Sam Bockarie n’a pas fait d’étude. Il a vécu de petits métiers entre Abidjan, Monrovia et Freetown entre usines diamantifères, discothèques et salons de coiffure. En 1991, il s’engage dans le RUF créé par Foday Sankoh. Très rapidement il s’illustre comme un habile chef militaire et gagne la confiance de Foday Sankoh.
En 1997, il prend même la tête du RUF, après l’arrestation de Foday Sankoh. Depuis lors, il se fait remarquer par des actions impitoyables et d’une rare barbarie. En 1999, il monte et conduit une grande offensive contre Freetown pour libérer Foday Sankoh. Cette opération baptisée no living thing (en français plus rien de vivant), mit Freetown à feu et à sang, le bilan fut dramatique, plus de 6 000 morts.

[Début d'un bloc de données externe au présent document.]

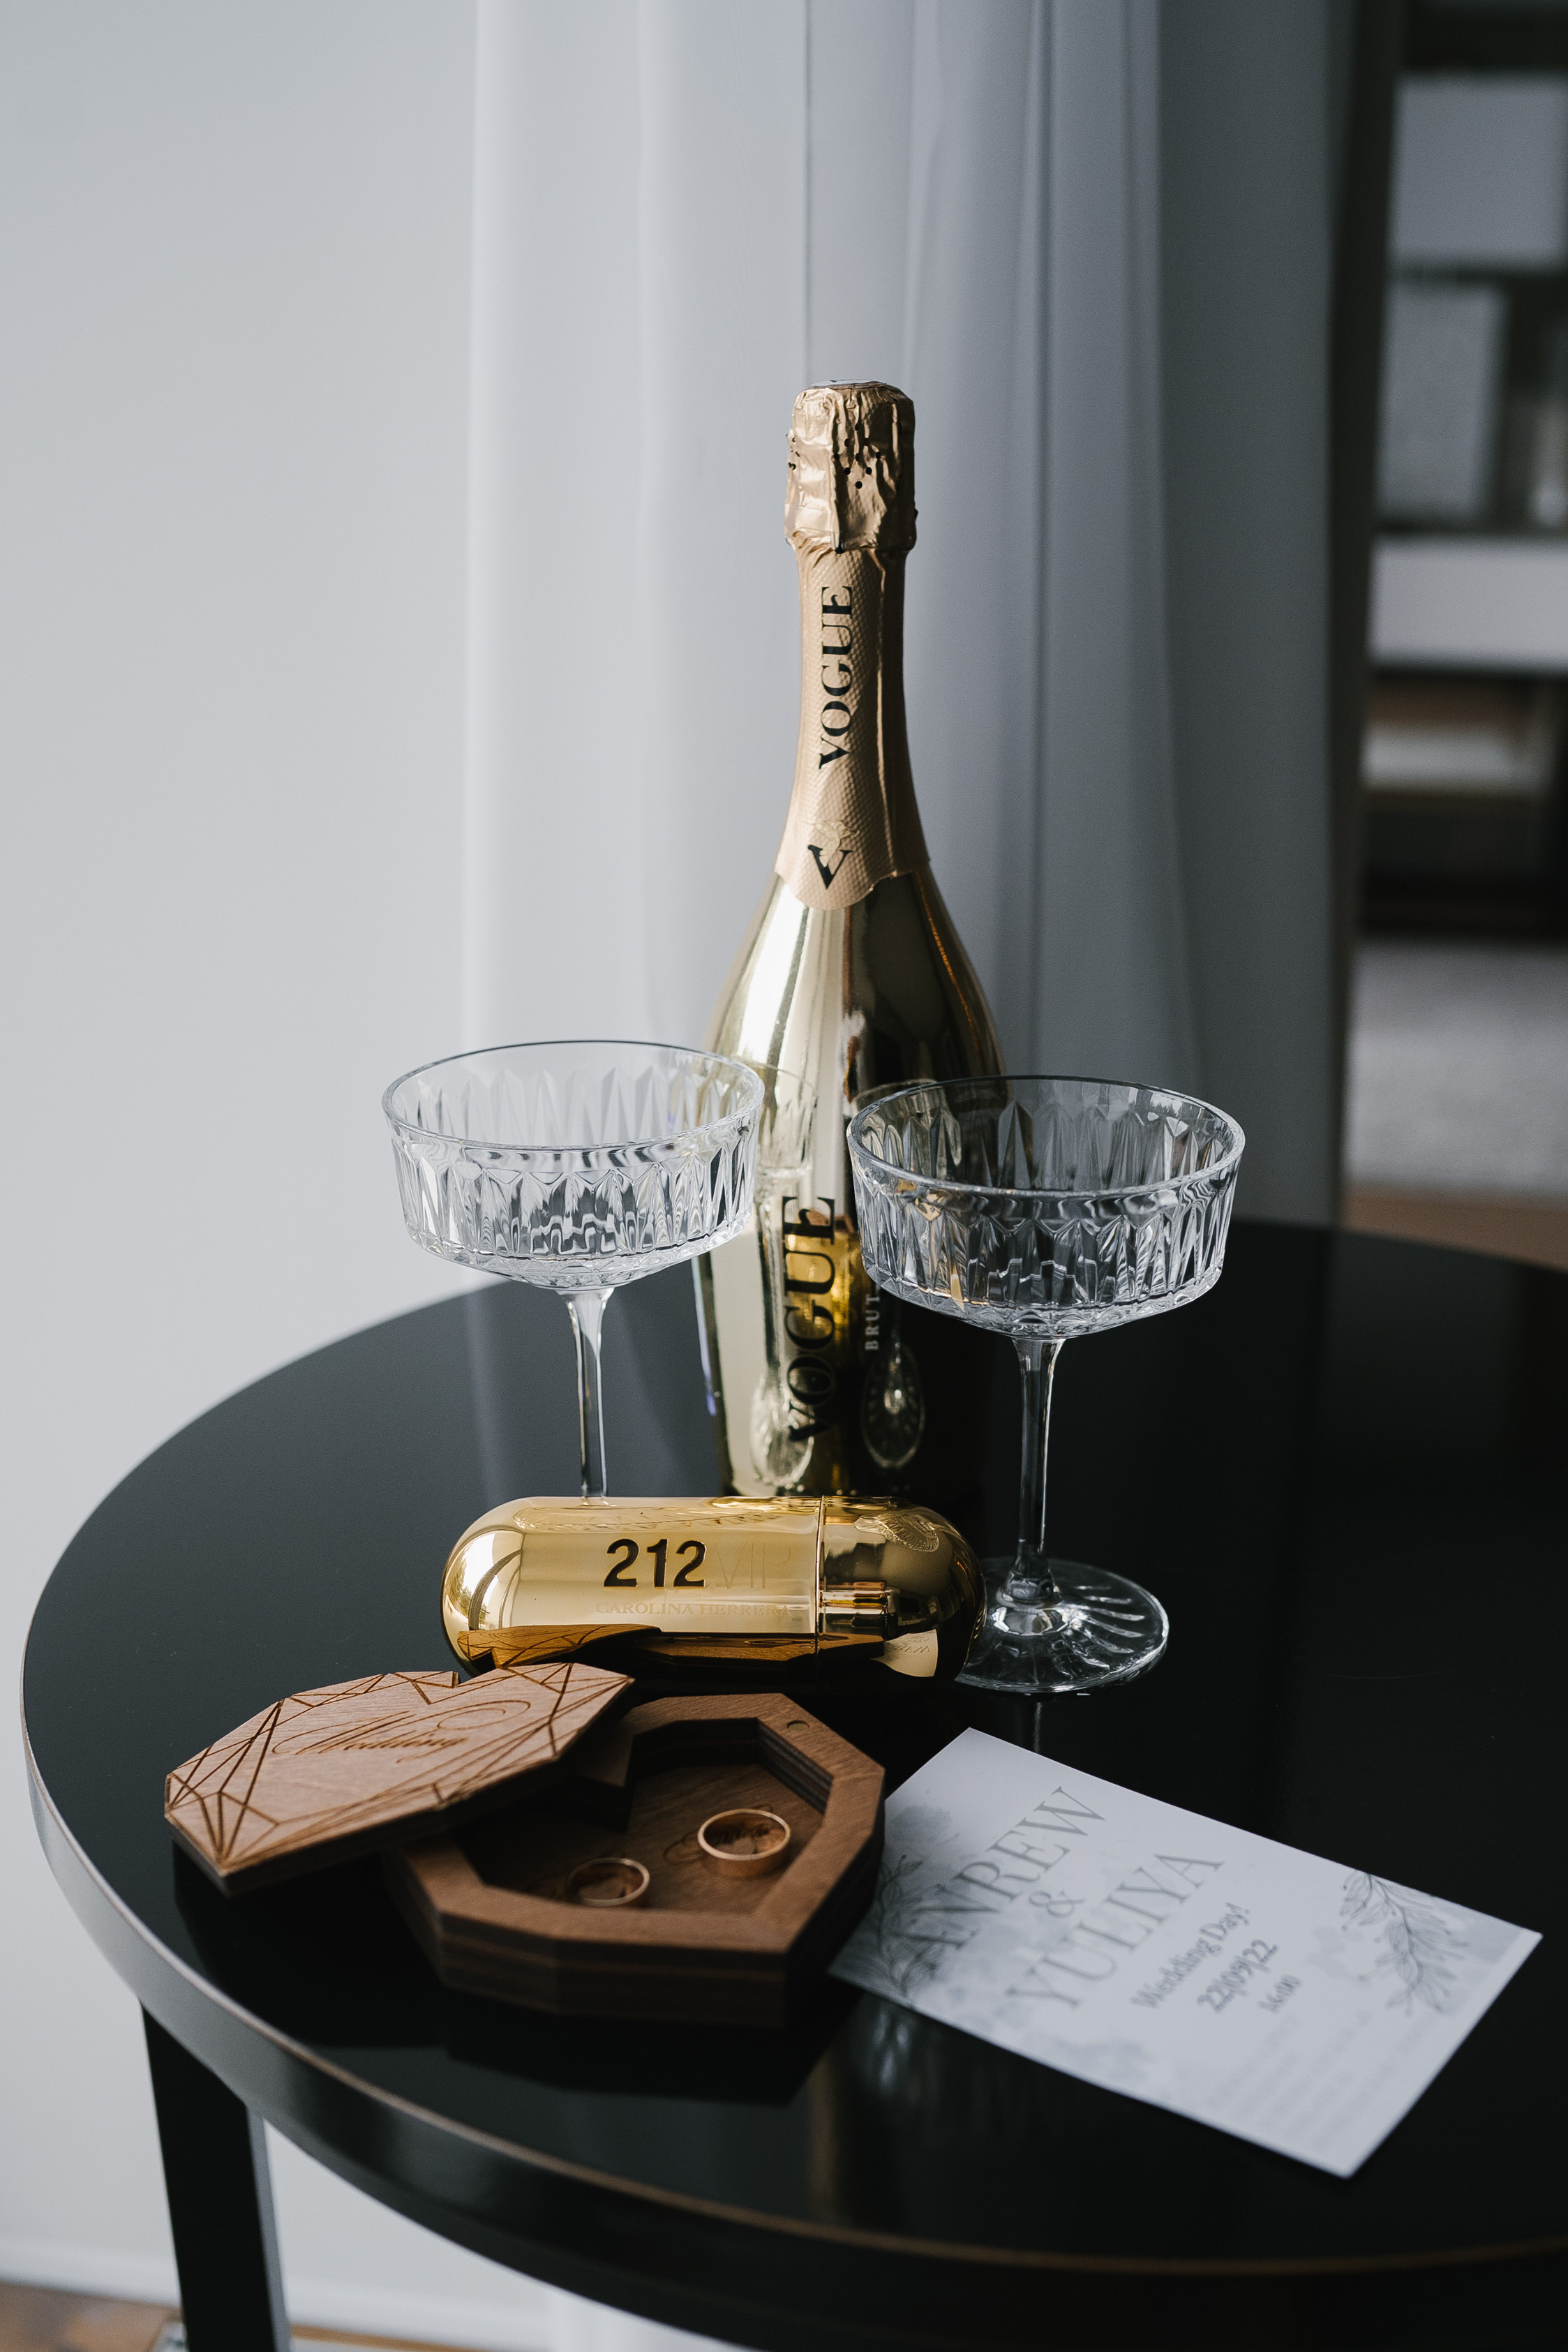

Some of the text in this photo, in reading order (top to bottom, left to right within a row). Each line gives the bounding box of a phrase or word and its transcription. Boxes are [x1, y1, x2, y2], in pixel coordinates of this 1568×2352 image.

[818, 585, 854, 770] VOGUE
[782, 1195, 836, 1442] VOGUE
[865, 1293, 880, 1350] BRUT
[603, 1538, 707, 1588] 212
[596, 1602, 793, 1617] CAROLINA HERRERA
[1003, 1853, 1225, 2010] YULIYA
[1028, 1889, 1085, 1918] &
[1128, 1902, 1250, 2009] Wedding Day!

« Mosquito» se brouille avec le leader historique du mouvement qui a signé en 1999 un accord de partage du pouvoir avec le président Ahmad Tejan Kabbah. Sam Bockarie prend ses distances et ouvre une autre page sanglante de la rébellion : l’amputation des membres supérieurs des populations civiles. C’est ce qu’il avait appelé « manches longues ou manches courtes » et qui consistait à couper les mains ou les bras des personnes pour les empêcher de voter librement au terme du processus de paix signé par Foday Sankoh.

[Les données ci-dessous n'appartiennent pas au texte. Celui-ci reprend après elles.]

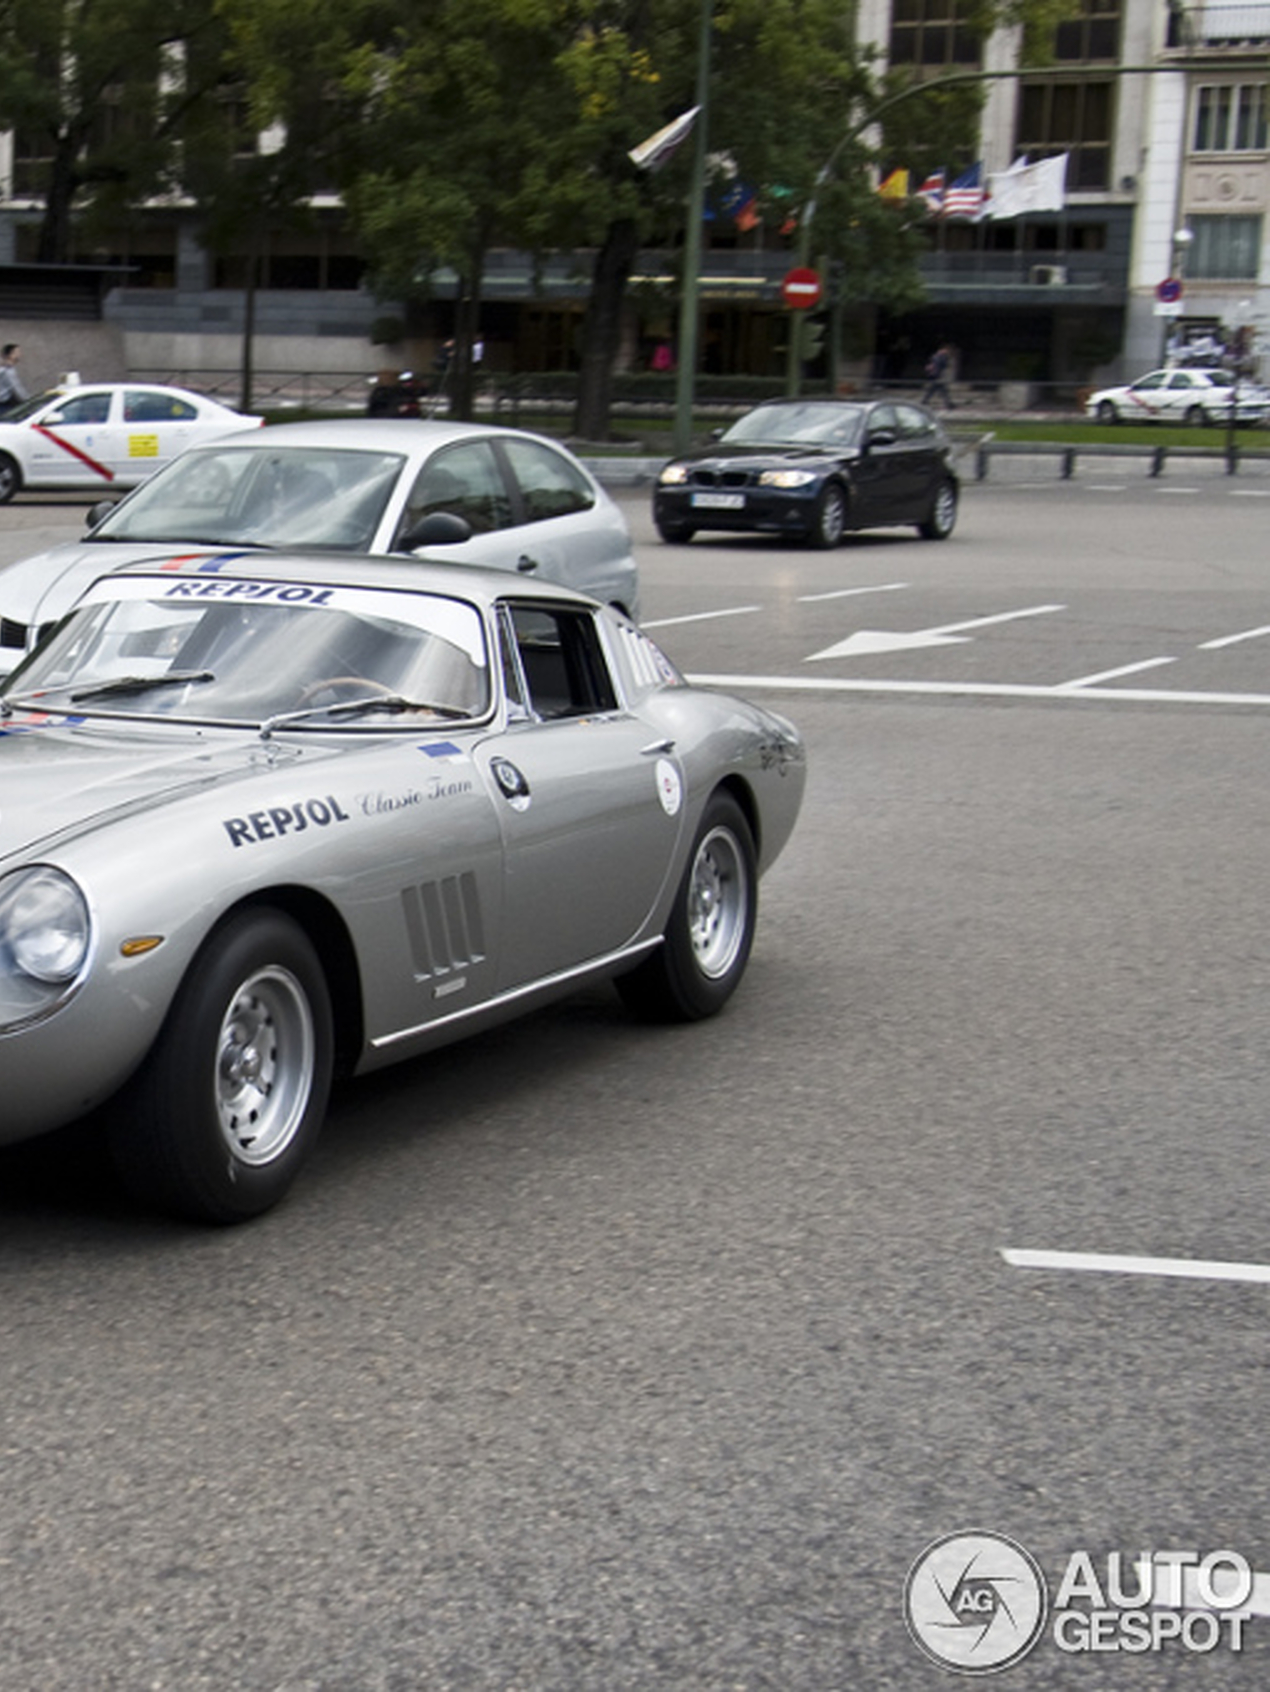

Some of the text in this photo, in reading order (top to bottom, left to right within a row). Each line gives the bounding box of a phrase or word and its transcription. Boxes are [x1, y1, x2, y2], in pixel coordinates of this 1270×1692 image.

[164, 582, 335, 606] REPSOL
[223, 776, 472, 848] REPSOL Classic Team

Désavoué et remplacé à son poste de numéro deux de la rébellion, «Mosquito» trouve refuge auprès de Charles Taylor à Monrovia. Sous les menaces de la communauté internationale, Charles Taylor rompt publiquement avec « Mosquito ».
Un rapport de International crisis group, cite des témoins qui affirment que Sam Bockarie a combattu avec un groupe d’hommes surnommé « le Comité spécial », composé d’anciens membres du RUF, d’autres groupes rebelles et même d’hommes appartenant à la garde présidentielle de Charles Taylor aux côtés des rebelles ivoiriens contre le régime du président Laurent Gbagbo, depuis novembre 2002.
Les rebelles ivoiriens accusent très vite leurs alliés et son chef, Sam Bockarie, de terroriser et de piller les populations civiles. Ils décident de repousser « Mosquito » et ses troupes. C’est lors d’une opération militaire menée contre « Mosquito » et ses troupes que Félix Doh, le chef du Mouvement Populaire ivoirien du Grand Ouest (MPIGO) sera assassiné par « le Comité spécial » qui va s’emparer du territoire du mouvement rebelle à la frontière ivoiro-libérienne et s’y installer.
Mosquito est tué le 6 mai à la frontière ivoiro-libérienne, lors d’un accrochage entre ses troupes et une patrouille de l’armée régulière du Liberia. Il était devenu encombrant pour son ancien protecteur Charles Taylor.